Information given Block Start
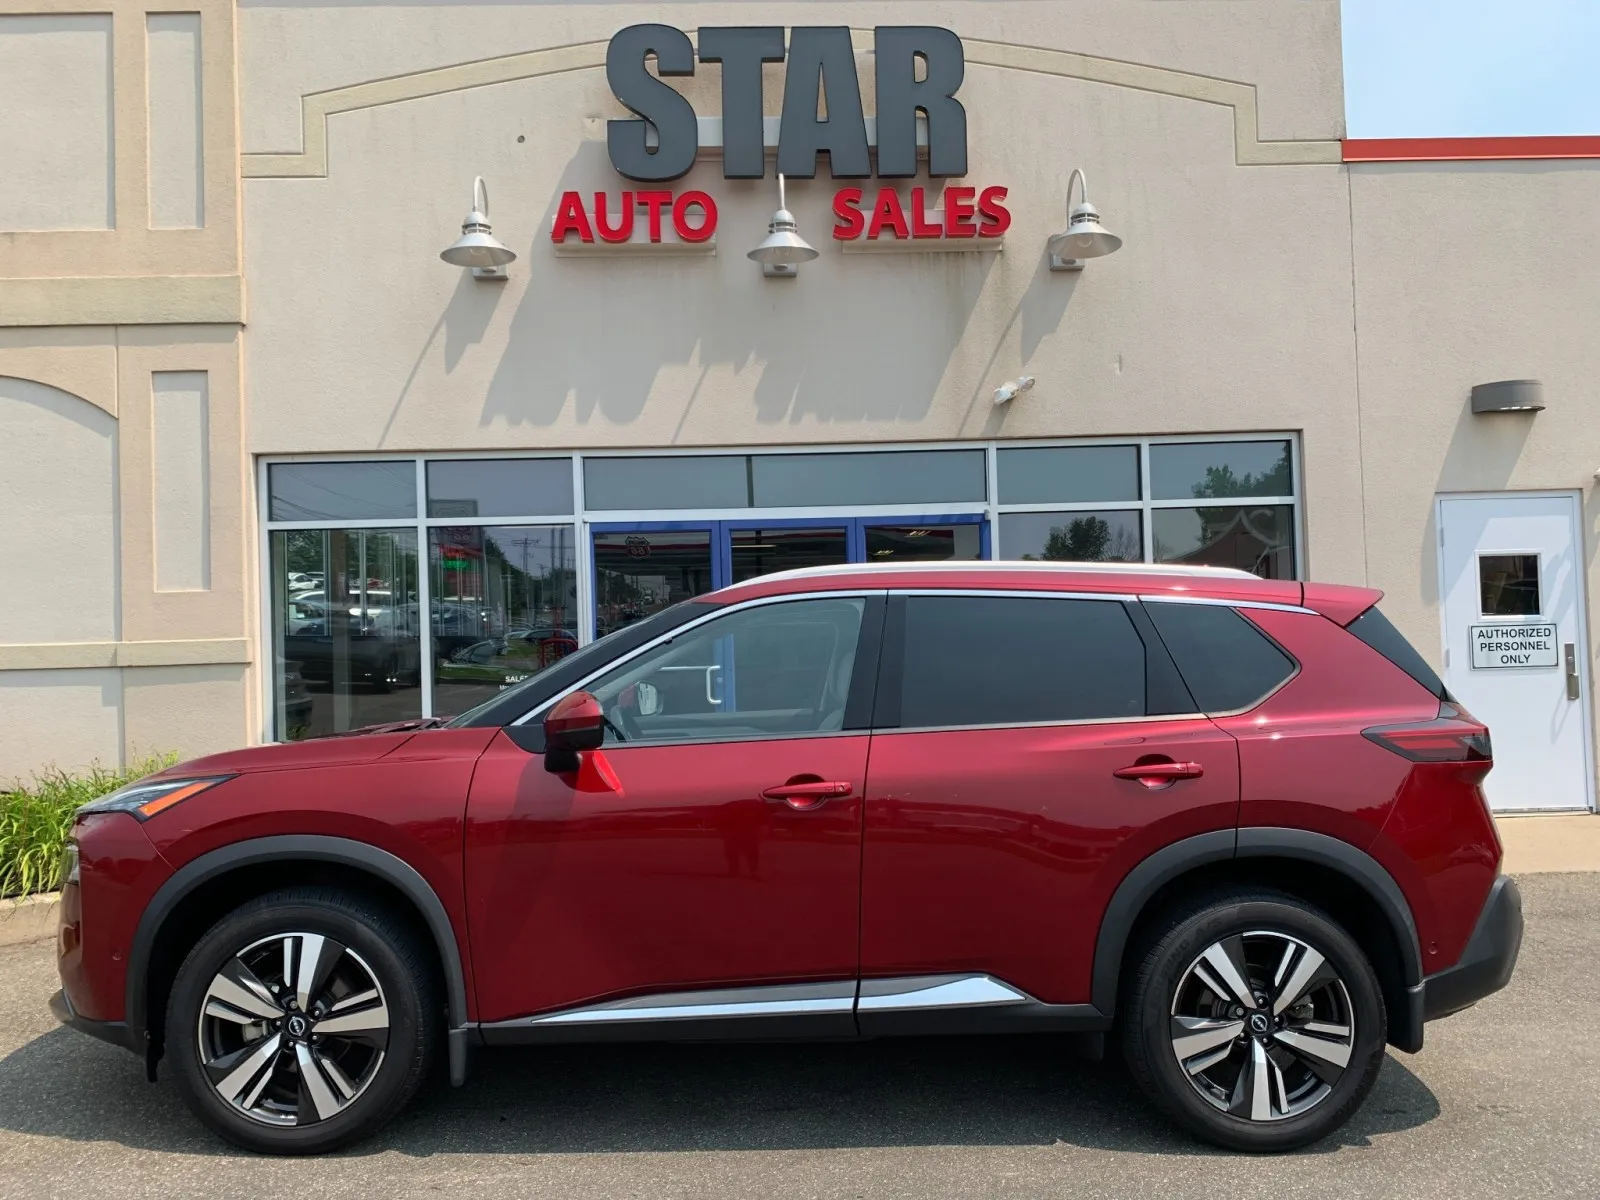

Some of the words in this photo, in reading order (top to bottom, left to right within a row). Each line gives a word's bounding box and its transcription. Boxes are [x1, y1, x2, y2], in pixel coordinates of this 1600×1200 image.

[606, 23, 968, 182] STAR
[551, 190, 719, 244] AUTO
[833, 186, 1012, 240] SALES
[1477, 627, 1552, 640] AUTHORIZED
[1480, 640, 1551, 652] PERSONNEL
[1500, 654, 1531, 664] ONLY
Information given Block End
About this exercise: Copy out all the data exactly; skip the pictures.

Exercise response:
Some of the words in this photo, in reading order (top to bottom, left to right within a row). Each line gives a word's bounding box and its transcription. Boxes are [x1, y1, x2, y2], in pixel coordinates of this 1600×1200 image.

[606, 23, 968, 182] STAR
[551, 190, 719, 244] AUTO
[833, 186, 1012, 240] SALES
[1477, 627, 1552, 640] AUTHORIZED
[1480, 640, 1551, 652] PERSONNEL
[1500, 654, 1531, 664] ONLY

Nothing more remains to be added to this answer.